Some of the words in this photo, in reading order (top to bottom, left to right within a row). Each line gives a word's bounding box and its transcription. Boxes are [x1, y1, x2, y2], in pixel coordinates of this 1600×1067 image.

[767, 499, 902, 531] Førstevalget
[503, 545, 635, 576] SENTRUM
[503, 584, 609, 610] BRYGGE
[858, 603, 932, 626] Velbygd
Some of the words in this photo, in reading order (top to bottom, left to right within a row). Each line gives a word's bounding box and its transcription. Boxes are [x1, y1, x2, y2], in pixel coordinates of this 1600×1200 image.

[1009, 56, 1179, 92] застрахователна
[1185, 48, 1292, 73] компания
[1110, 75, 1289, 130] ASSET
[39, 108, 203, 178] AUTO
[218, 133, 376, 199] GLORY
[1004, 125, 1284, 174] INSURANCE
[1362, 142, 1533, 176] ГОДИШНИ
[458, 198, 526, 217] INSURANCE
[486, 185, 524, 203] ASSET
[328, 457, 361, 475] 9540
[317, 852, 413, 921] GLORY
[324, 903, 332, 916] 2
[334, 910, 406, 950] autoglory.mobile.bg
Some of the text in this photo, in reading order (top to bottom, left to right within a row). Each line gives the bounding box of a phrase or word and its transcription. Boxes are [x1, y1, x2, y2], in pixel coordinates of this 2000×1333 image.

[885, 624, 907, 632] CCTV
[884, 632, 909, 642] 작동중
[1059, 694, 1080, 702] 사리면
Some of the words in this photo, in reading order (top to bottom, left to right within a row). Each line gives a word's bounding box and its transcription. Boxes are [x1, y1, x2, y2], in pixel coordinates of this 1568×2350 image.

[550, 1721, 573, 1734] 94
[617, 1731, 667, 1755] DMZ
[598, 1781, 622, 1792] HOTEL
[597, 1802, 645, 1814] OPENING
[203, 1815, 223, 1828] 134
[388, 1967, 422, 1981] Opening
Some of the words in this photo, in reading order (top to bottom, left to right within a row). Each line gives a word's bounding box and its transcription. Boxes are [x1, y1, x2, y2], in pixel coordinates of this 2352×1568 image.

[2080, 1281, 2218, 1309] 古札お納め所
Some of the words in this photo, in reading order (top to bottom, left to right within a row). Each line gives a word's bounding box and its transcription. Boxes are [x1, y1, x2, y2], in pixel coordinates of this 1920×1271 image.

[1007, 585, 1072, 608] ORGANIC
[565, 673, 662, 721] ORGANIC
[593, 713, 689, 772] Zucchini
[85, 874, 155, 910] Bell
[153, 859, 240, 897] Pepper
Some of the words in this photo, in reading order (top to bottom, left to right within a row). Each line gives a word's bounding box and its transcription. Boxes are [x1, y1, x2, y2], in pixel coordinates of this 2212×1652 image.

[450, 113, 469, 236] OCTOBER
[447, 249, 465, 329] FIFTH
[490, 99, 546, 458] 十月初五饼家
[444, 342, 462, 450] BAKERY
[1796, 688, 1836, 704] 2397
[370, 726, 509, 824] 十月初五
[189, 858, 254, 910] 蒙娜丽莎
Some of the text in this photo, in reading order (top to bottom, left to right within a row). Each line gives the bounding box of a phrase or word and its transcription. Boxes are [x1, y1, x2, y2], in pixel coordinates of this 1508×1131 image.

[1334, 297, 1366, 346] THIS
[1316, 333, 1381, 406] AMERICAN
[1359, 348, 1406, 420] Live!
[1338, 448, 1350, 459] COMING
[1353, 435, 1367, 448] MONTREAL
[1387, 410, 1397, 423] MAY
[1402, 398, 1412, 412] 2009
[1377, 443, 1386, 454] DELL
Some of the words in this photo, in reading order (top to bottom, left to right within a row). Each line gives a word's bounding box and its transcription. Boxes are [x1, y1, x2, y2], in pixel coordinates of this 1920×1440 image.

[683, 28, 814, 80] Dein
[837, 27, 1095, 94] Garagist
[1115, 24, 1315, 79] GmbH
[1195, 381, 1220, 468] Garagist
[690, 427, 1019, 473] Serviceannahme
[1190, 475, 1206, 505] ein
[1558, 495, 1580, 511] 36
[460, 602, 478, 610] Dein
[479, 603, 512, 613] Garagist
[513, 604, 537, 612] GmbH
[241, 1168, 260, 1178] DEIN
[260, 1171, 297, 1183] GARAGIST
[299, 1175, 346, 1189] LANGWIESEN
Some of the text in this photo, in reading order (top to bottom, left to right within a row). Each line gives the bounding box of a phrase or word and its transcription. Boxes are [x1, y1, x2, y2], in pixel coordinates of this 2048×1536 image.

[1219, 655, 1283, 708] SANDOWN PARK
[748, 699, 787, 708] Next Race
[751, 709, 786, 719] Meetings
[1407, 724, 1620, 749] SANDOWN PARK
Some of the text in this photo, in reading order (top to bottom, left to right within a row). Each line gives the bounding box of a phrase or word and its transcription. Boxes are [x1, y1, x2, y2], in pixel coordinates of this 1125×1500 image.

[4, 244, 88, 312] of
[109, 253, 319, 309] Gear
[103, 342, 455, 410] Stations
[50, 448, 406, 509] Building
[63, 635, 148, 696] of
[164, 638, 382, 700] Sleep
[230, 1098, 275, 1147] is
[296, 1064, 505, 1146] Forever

::::

» **Work to complete**: The full set of entries must be restated exactly, with none omitted.

» **Your solution**:
Some of the words in this photo, in reading order (top to bottom, left to right within a row). Each line gives a word's bounding box and its transcription. Boxes are [x1, y1, x2, y2], in pixel coordinates of this 1600×1067 image.

[767, 499, 902, 531] Førstevalget
[503, 545, 635, 576] SENTRUM
[503, 584, 609, 610] BRYGGE
[858, 603, 932, 626] Velbygd
Some of the words in this photo, in reading order (top to bottom, left to right within a row). Each line gives a word's bounding box and its transcription. Boxes are [x1, y1, x2, y2], in pixel coordinates of this 1600×1200 image.

[1009, 56, 1179, 92] застрахователна
[1185, 48, 1292, 73] компания
[1110, 75, 1289, 130] ASSET
[39, 108, 203, 178] AUTO
[218, 133, 376, 199] GLORY
[1004, 125, 1284, 174] INSURANCE
[1362, 142, 1533, 176] ГОДИШНИ
[458, 198, 526, 217] INSURANCE
[486, 185, 524, 203] ASSET
[328, 457, 361, 475] 9540
[317, 852, 413, 921] GLORY
[324, 903, 332, 916] 2
[334, 910, 406, 950] autoglory.mobile.bg
Some of the text in this photo, in reading order (top to bottom, left to right within a row). Each line gives the bounding box of a phrase or word and its transcription. Boxes are [x1, y1, x2, y2], in pixel coordinates of this 2000×1333 image.

[885, 624, 907, 632] CCTV
[884, 632, 909, 642] 작동중
[1059, 694, 1080, 702] 사리면
Some of the words in this photo, in reading order (top to bottom, left to right within a row). Each line gives a word's bounding box and its transcription. Boxes are [x1, y1, x2, y2], in pixel coordinates of this 1568×2350 image.

[550, 1721, 573, 1734] 94
[617, 1731, 667, 1755] DMZ
[598, 1781, 622, 1792] HOTEL
[597, 1802, 645, 1814] OPENING
[203, 1815, 223, 1828] 134
[388, 1967, 422, 1981] Opening
Some of the words in this photo, in reading order (top to bottom, left to right within a row). Each line gives a word's bounding box and its transcription. Boxes are [x1, y1, x2, y2], in pixel coordinates of this 2352×1568 image.

[2080, 1281, 2218, 1309] 古札お納め所
Some of the words in this photo, in reading order (top to bottom, left to right within a row). Each line gives a word's bounding box and its transcription. Boxes are [x1, y1, x2, y2], in pixel coordinates of this 1920×1271 image.

[1007, 585, 1072, 608] ORGANIC
[565, 673, 662, 721] ORGANIC
[593, 713, 689, 772] Zucchini
[85, 874, 155, 910] Bell
[153, 859, 240, 897] Pepper
Some of the words in this photo, in reading order (top to bottom, left to right within a row). Each line gives a word's bounding box and its transcription. Boxes are [x1, y1, x2, y2], in pixel coordinates of this 2212×1652 image.

[450, 113, 469, 236] OCTOBER
[447, 249, 465, 329] FIFTH
[490, 99, 546, 458] 十月初五饼家
[444, 342, 462, 450] BAKERY
[1796, 688, 1836, 704] 2397
[370, 726, 509, 824] 十月初五
[189, 858, 254, 910] 蒙娜丽莎
Some of the text in this photo, in reading order (top to bottom, left to right within a row). Each line gives the bounding box of a phrase or word and its transcription. Boxes are [x1, y1, x2, y2], in pixel coordinates of this 1508×1131 image.

[1334, 297, 1366, 346] THIS
[1316, 333, 1381, 406] AMERICAN
[1359, 348, 1406, 420] Live!
[1338, 448, 1350, 459] COMING
[1353, 435, 1367, 448] MONTREAL
[1387, 410, 1397, 423] MAY
[1402, 398, 1412, 412] 2009
[1377, 443, 1386, 454] DELL
Some of the words in this photo, in reading order (top to bottom, left to right within a row). Each line gives a word's bounding box and its transcription. Boxes are [x1, y1, x2, y2], in pixel coordinates of this 1920×1440 image.

[683, 28, 814, 80] Dein
[837, 27, 1095, 94] Garagist
[1115, 24, 1315, 79] GmbH
[1195, 381, 1220, 468] Garagist
[690, 427, 1019, 473] Serviceannahme
[1190, 475, 1206, 505] ein
[1558, 495, 1580, 511] 36
[460, 602, 478, 610] Dein
[479, 603, 512, 613] Garagist
[513, 604, 537, 612] GmbH
[241, 1168, 260, 1178] DEIN
[260, 1171, 297, 1183] GARAGIST
[299, 1175, 346, 1189] LANGWIESEN
Some of the text in this photo, in reading order (top to bottom, left to right within a row). Each line gives the bounding box of a phrase or word and its transcription. Boxes are [x1, y1, x2, y2], in pixel coordinates of this 2048×1536 image.

[1219, 655, 1283, 708] SANDOWN PARK
[748, 699, 787, 708] Next Race
[751, 709, 786, 719] Meetings
[1407, 724, 1620, 749] SANDOWN PARK
Some of the text in this photo, in reading order (top to bottom, left to right within a row). Each line gives the bounding box of a phrase or word and its transcription. Boxes are [x1, y1, x2, y2], in pixel coordinates of this 1125×1500 image.

[4, 244, 88, 312] of
[109, 253, 319, 309] Gear
[103, 342, 455, 410] Stations
[50, 448, 406, 509] Building
[63, 635, 148, 696] of
[164, 638, 382, 700] Sleep
[230, 1098, 275, 1147] is
[296, 1064, 505, 1146] Forever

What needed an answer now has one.